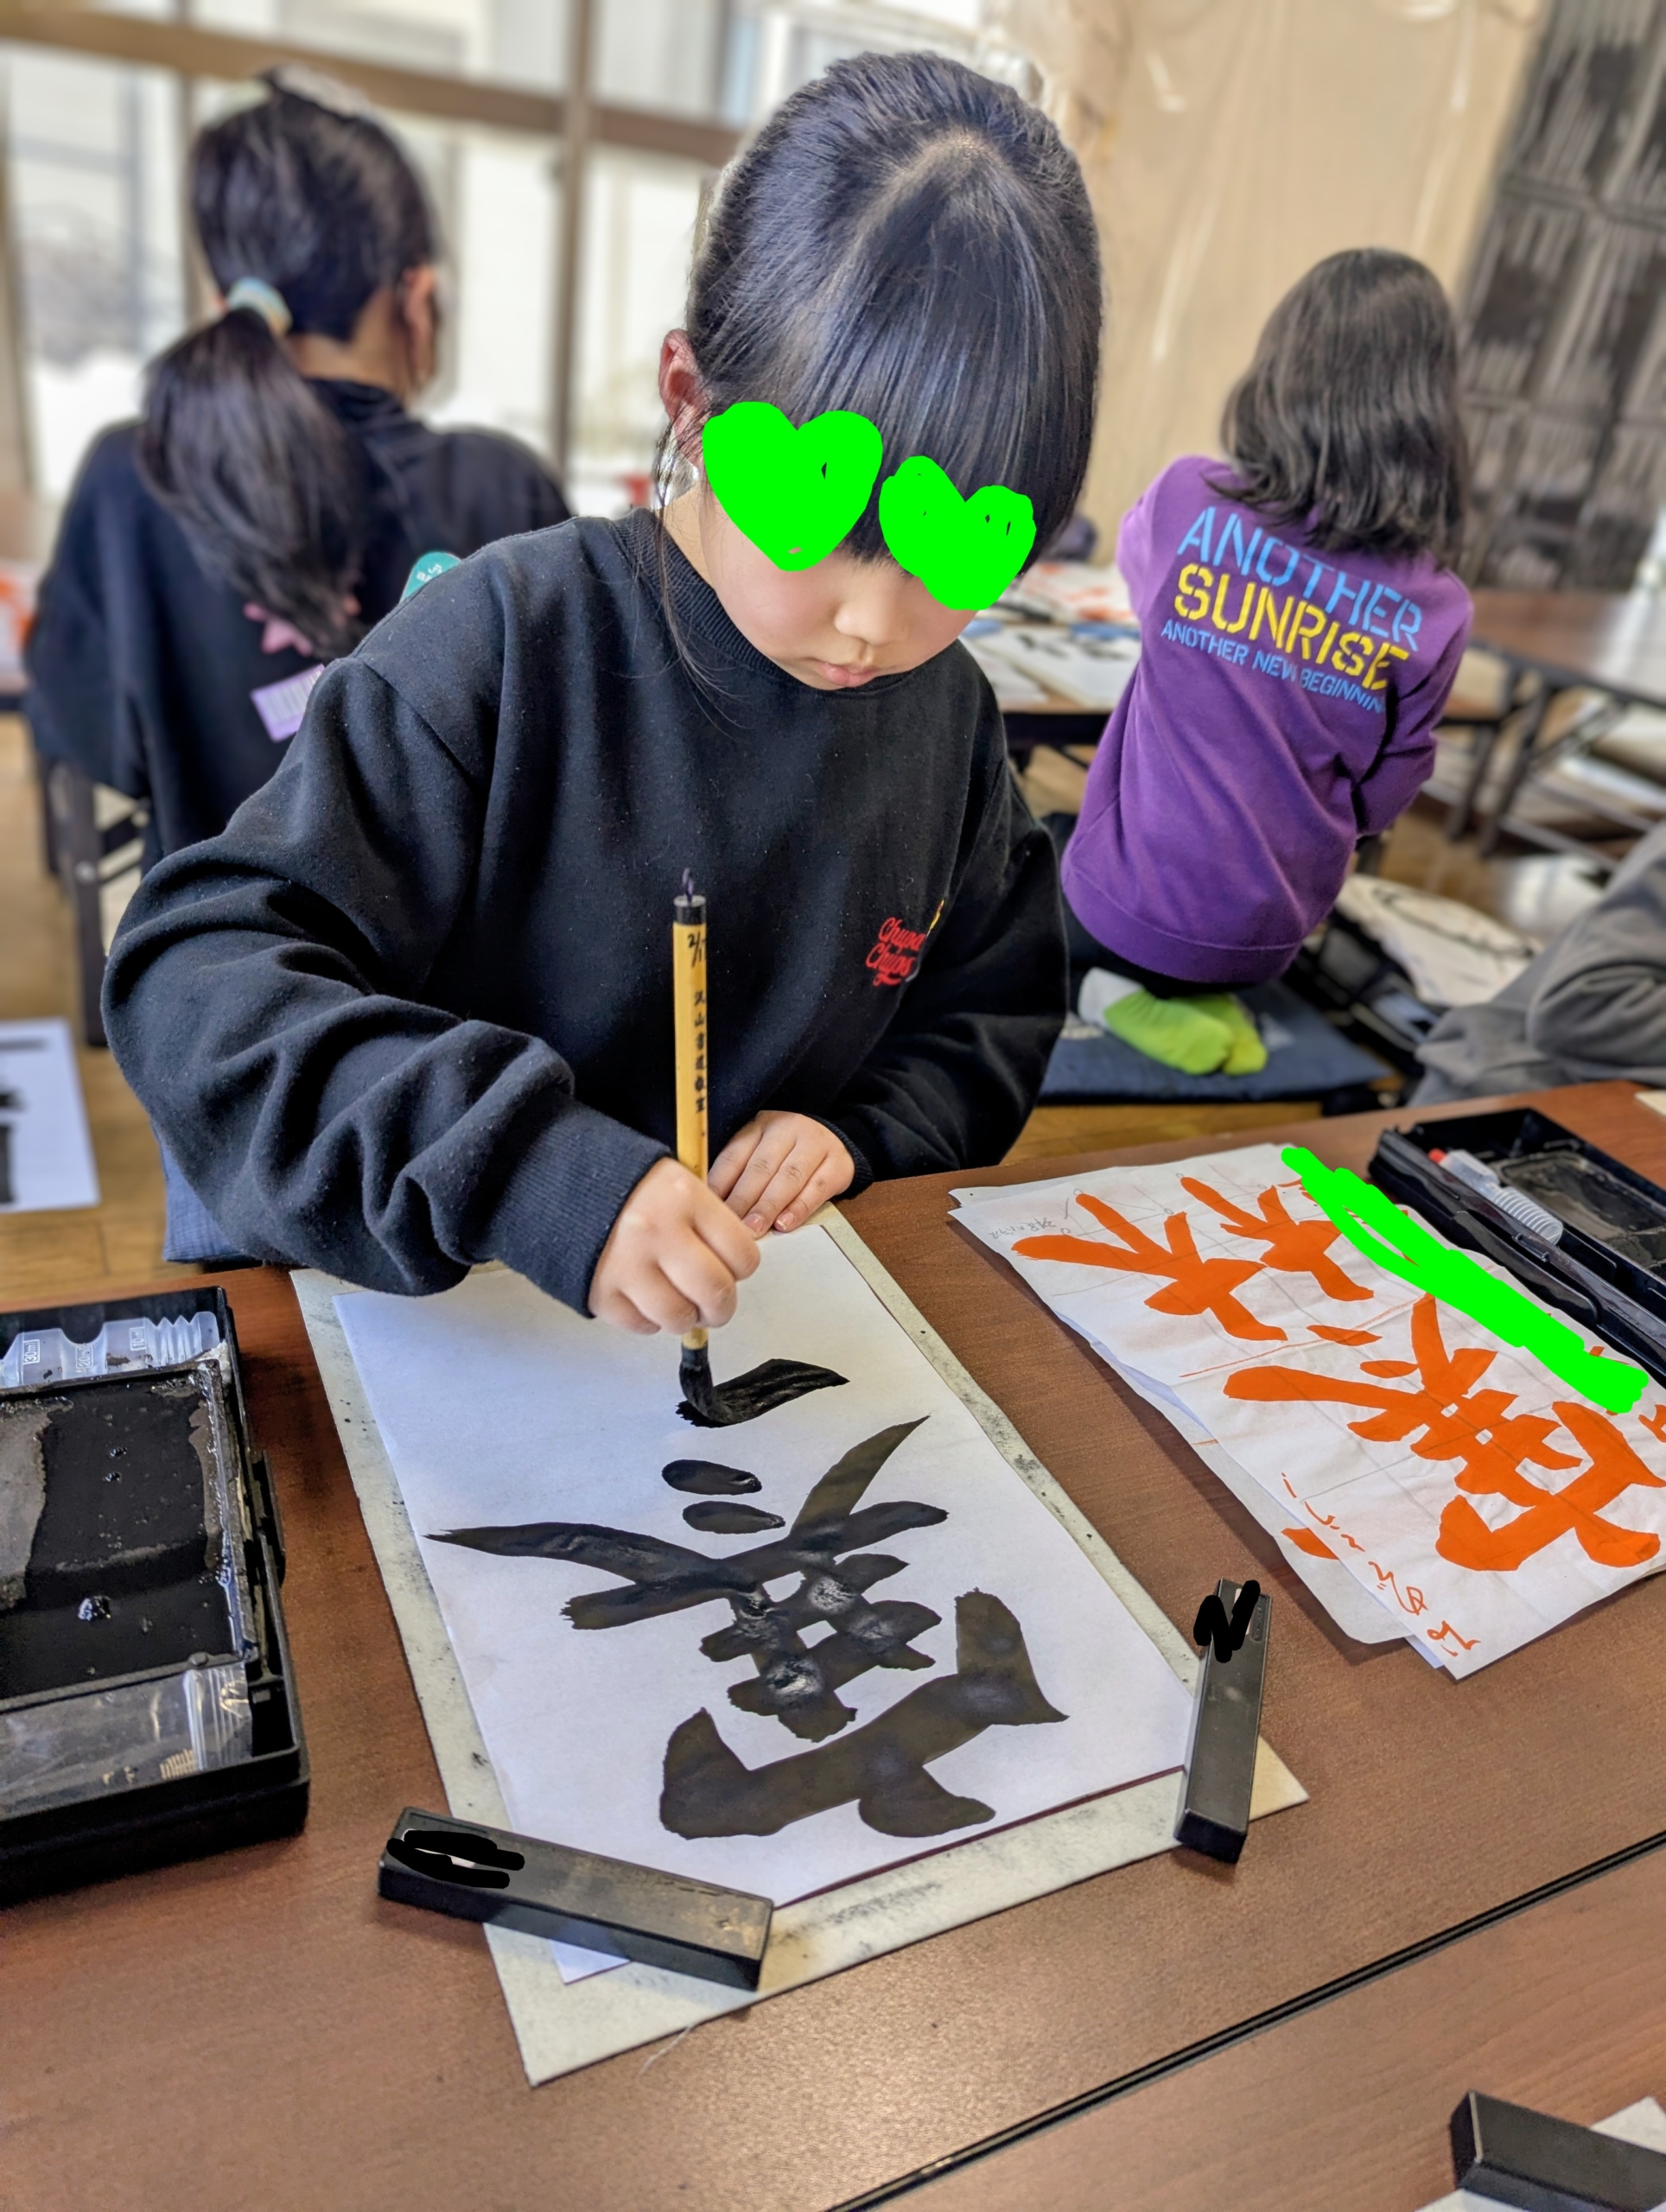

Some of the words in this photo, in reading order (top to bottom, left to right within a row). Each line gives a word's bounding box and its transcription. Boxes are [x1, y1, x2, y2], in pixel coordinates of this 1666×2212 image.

[1173, 562, 1410, 691] SUNRISE
[1177, 505, 1422, 652] ANOTHER
[1160, 618, 1250, 666] ANOTHER
[1252, 649, 1296, 683] NEW
[23, 1341, 37, 1363] 30ml

- - -

WORK ITEM:
Return the material in full and unaltered, minus its pictures.

SOLUTION TO THIS EXERCISE:
Some of the words in this photo, in reading order (top to bottom, left to right within a row). Each line gives a word's bounding box and its transcription. Boxes are [x1, y1, x2, y2], in pixel coordinates of this 1666×2212 image.

[1173, 562, 1410, 691] SUNRISE
[1177, 505, 1422, 652] ANOTHER
[1160, 618, 1250, 666] ANOTHER
[1252, 649, 1296, 683] NEW
[23, 1341, 37, 1363] 30ml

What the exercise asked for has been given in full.